- [Task]:
An exact reproduction of all the data is needed, with no images in it.
_ _ _ _
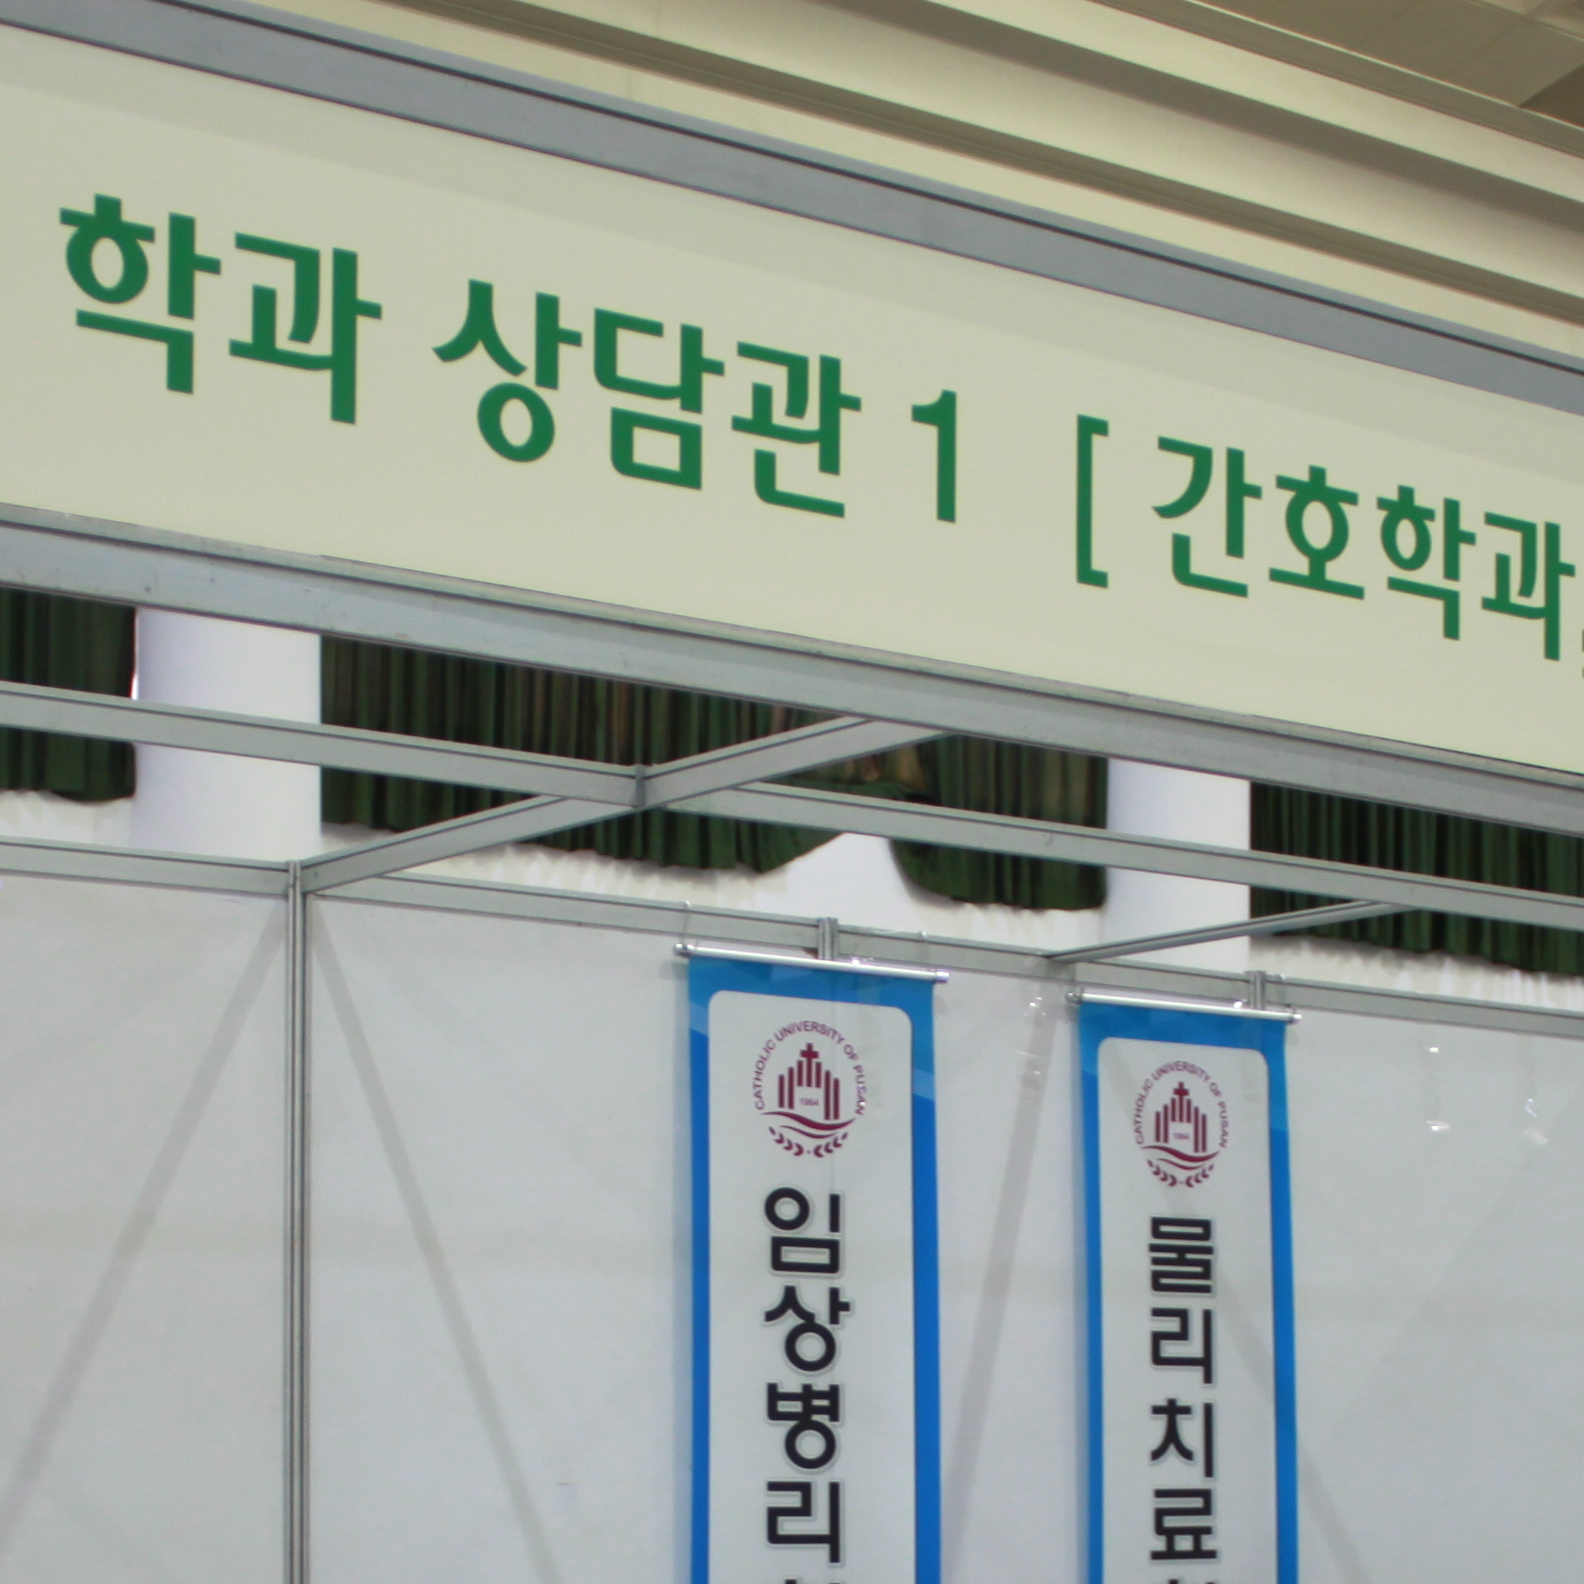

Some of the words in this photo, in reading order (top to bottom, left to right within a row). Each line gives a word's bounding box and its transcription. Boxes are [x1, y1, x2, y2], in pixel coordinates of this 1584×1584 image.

[59, 194, 382, 425] 학과
[432, 278, 862, 518] 상담관
[911, 389, 957, 523] 1
[752, 1039, 776, 1110] CATHOLIC
[774, 1020, 845, 1045] UNIVERSITY
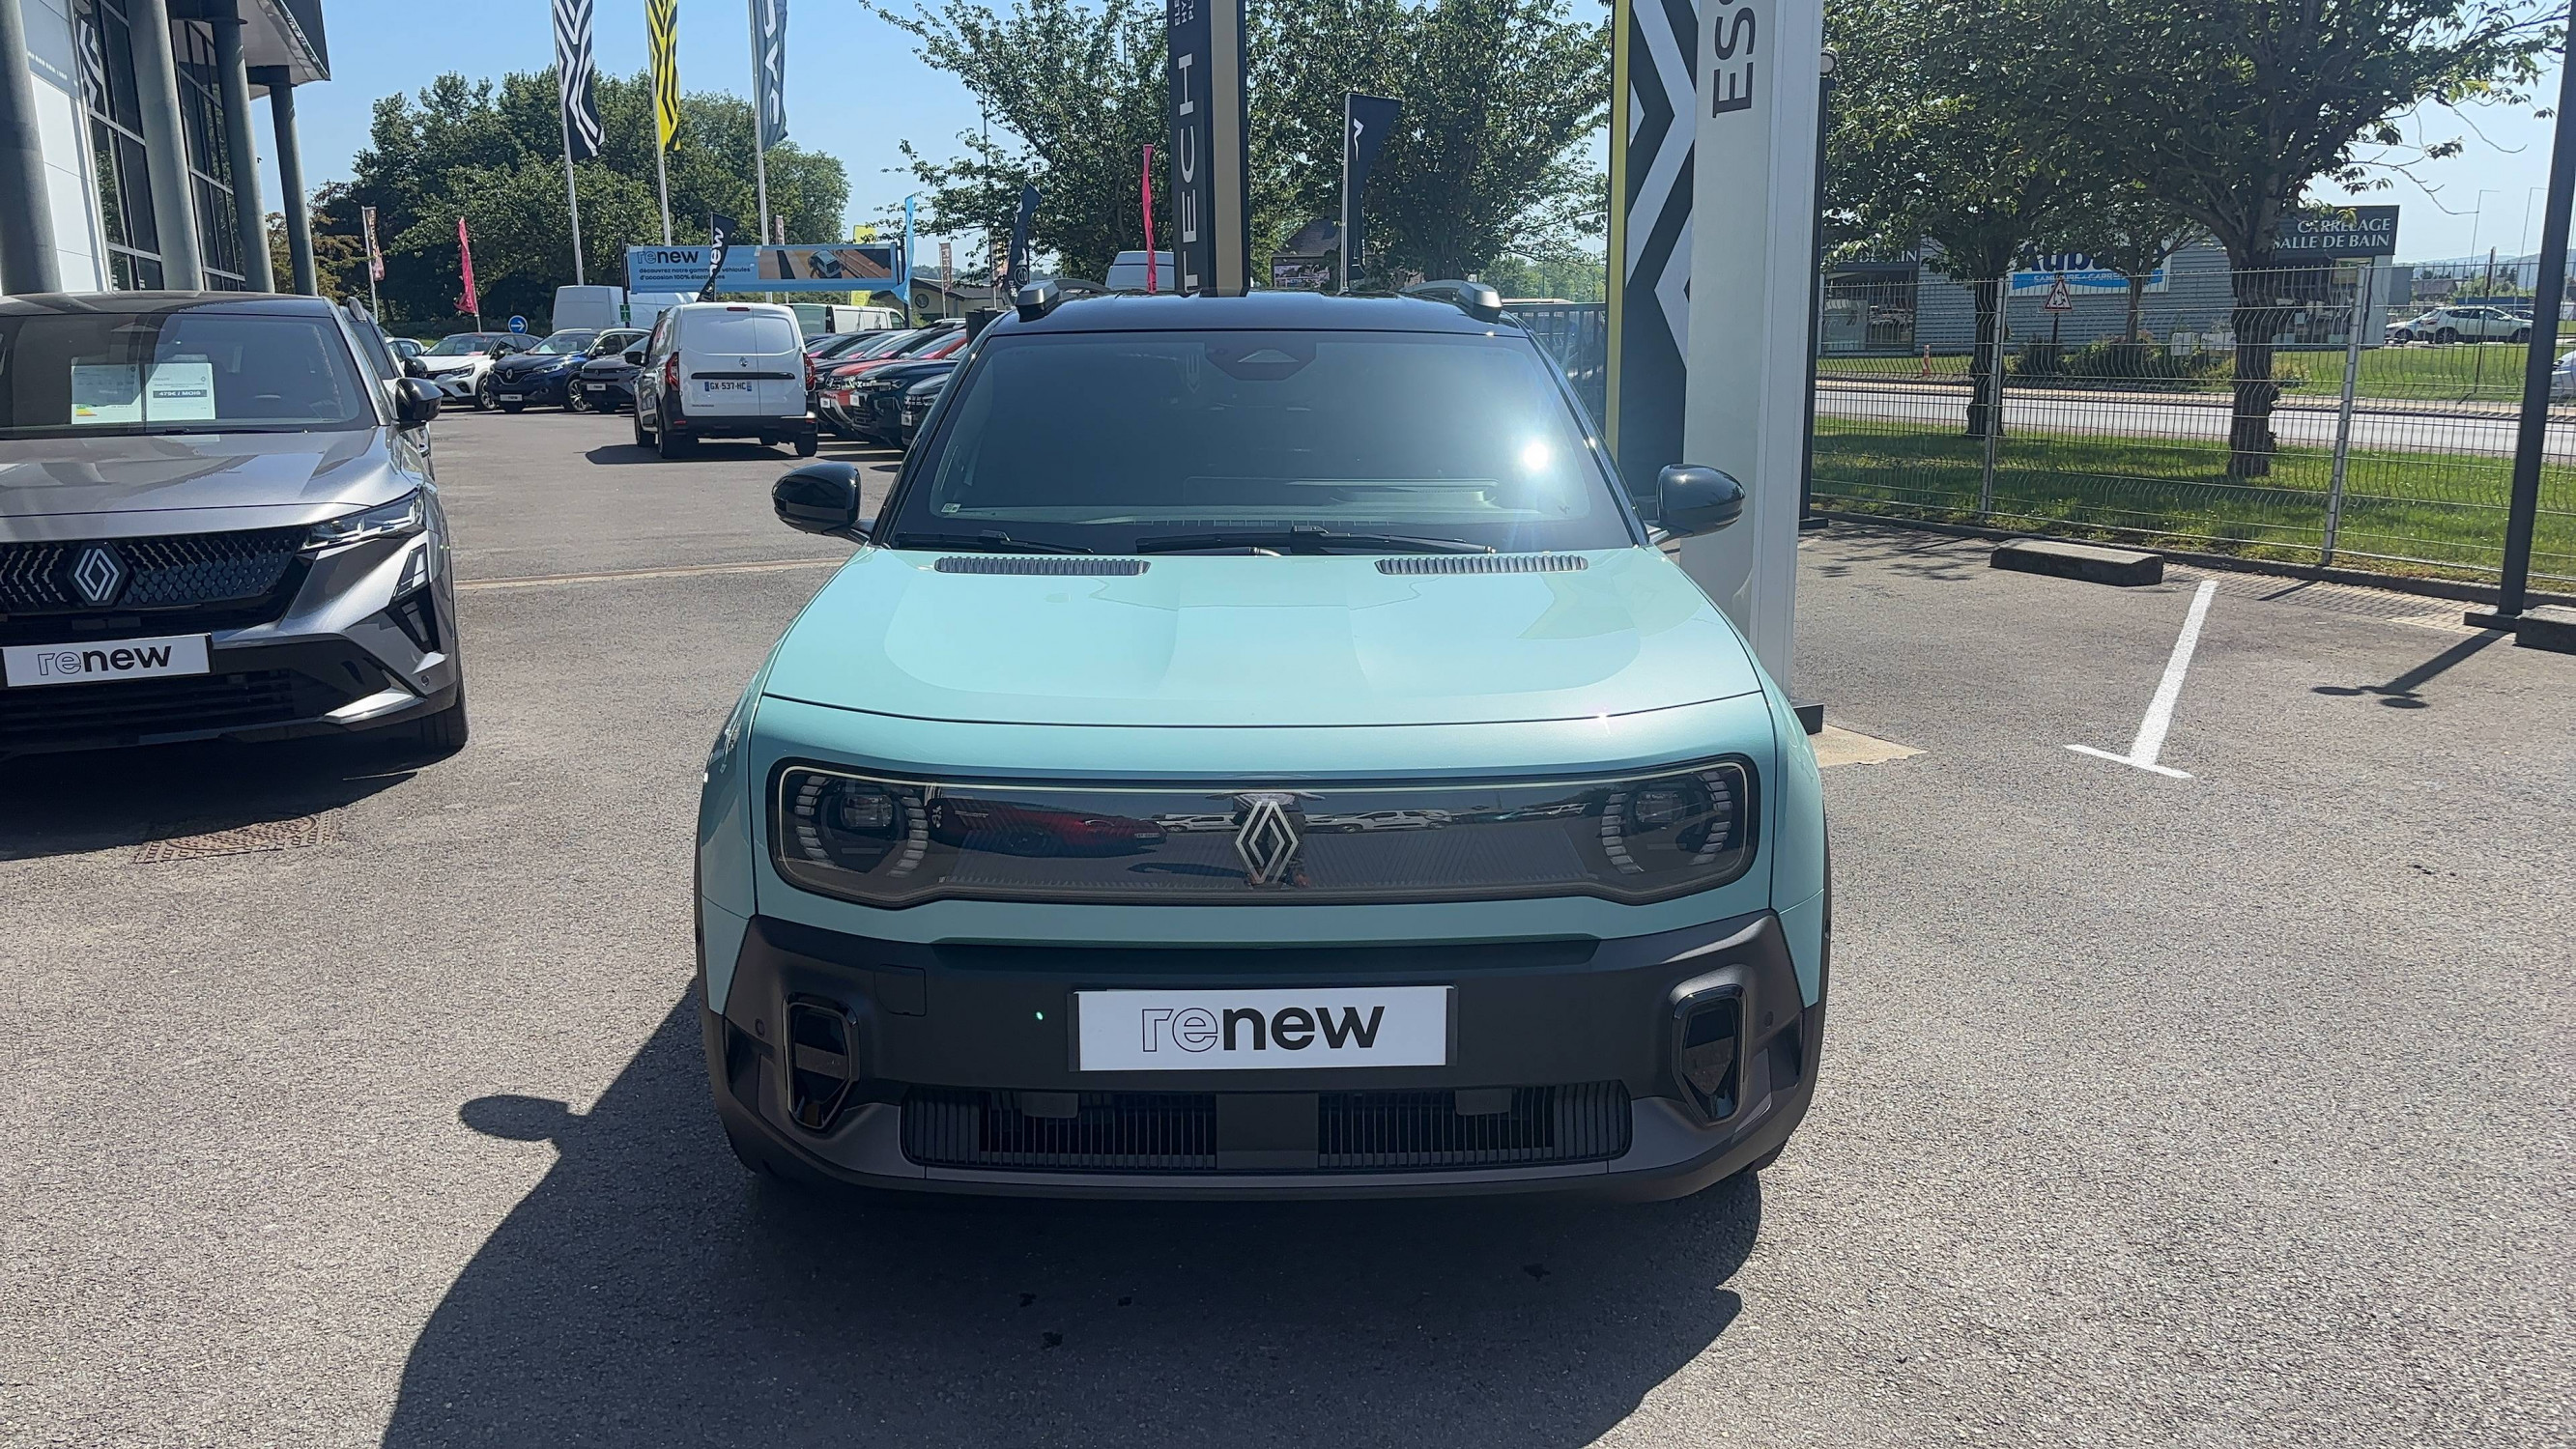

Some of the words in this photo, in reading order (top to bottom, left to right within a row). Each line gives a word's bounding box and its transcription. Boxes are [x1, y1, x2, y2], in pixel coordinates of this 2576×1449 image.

[1712, 0, 1756, 118] ES
[1178, 53, 1198, 293] TECH
[2297, 218, 2391, 234] CARRELAGE
[2322, 235, 2345, 248] DE
[2349, 234, 2390, 247] BAIN
[638, 250, 699, 264] renew
[710, 382, 747, 390] GX-537-HC
[38, 645, 172, 676] renew
[1141, 1006, 1386, 1053] renew
_ _ _ _
- [Problem solution]:
Some of the words in this photo, in reading order (top to bottom, left to right within a row). Each line gives a word's bounding box and its transcription. Boxes are [x1, y1, x2, y2], in pixel coordinates of this 1584×1584 image.

[59, 194, 382, 425] 학과
[432, 278, 862, 518] 상담관
[911, 389, 957, 523] 1
[752, 1039, 776, 1110] CATHOLIC
[774, 1020, 845, 1045] UNIVERSITY

Some of the words in this photo, in reading order (top to bottom, left to right within a row). Each line gives a word's bounding box and its transcription. Boxes are [x1, y1, x2, y2], in pixel coordinates of this 2576×1449 image.

[1712, 0, 1756, 118] ES
[1178, 53, 1198, 293] TECH
[2297, 218, 2391, 234] CARRELAGE
[2322, 235, 2345, 248] DE
[2349, 234, 2390, 247] BAIN
[638, 250, 699, 264] renew
[710, 382, 747, 390] GX-537-HC
[38, 645, 172, 676] renew
[1141, 1006, 1386, 1053] renew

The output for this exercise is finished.